## Saved data entries
-- -- --

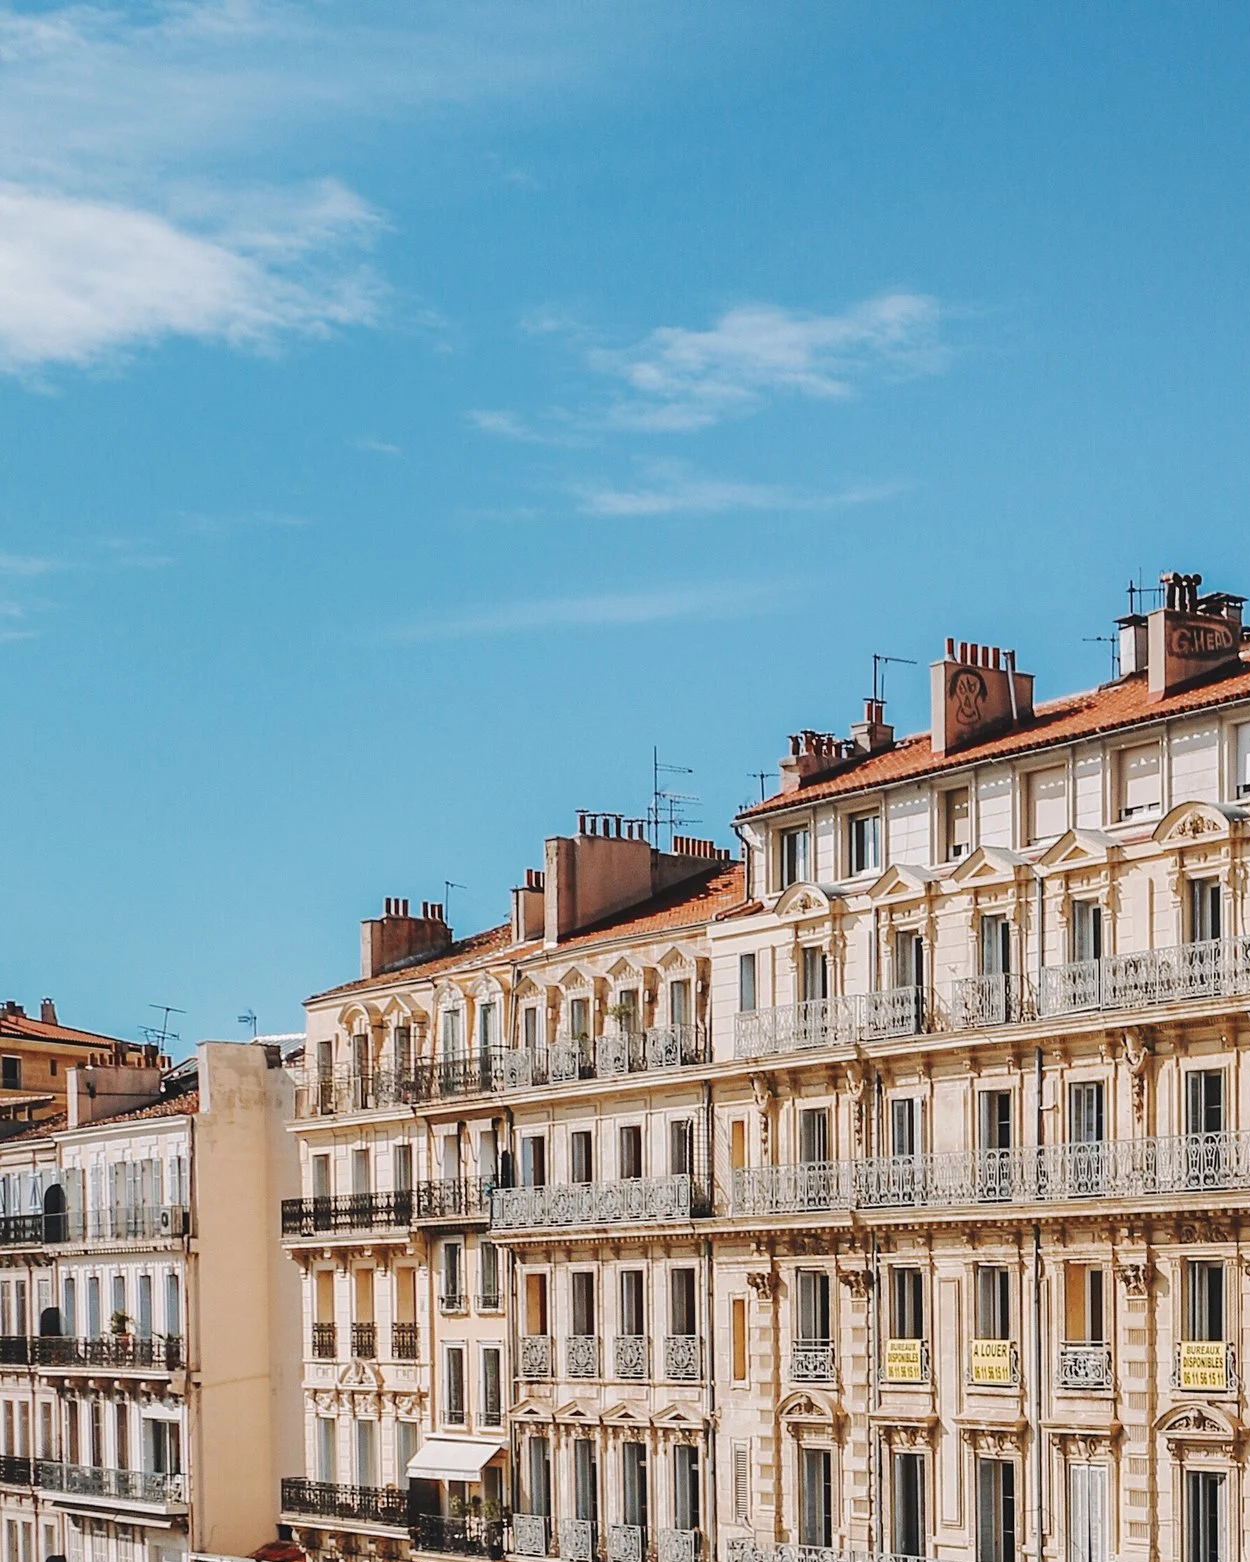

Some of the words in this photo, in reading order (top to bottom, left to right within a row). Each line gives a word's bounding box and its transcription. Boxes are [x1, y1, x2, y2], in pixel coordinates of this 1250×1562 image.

[973, 1344, 979, 1357] A
[981, 1344, 1007, 1357] LOUER
[1187, 1346, 1220, 1355] BUREAUX
[1183, 1357, 1223, 1368] DISPONIBLES

-- -- --

## To do
Please repeat the entries exactly. Do not include the pictures.

## Written answer
Some of the words in this photo, in reading order (top to bottom, left to right within a row). Each line gives a word's bounding box and its transcription. Boxes are [x1, y1, x2, y2], in pixel coordinates of this 1250×1562 image.

[973, 1344, 979, 1357] A
[981, 1344, 1007, 1357] LOUER
[1187, 1346, 1220, 1355] BUREAUX
[1183, 1357, 1223, 1368] DISPONIBLES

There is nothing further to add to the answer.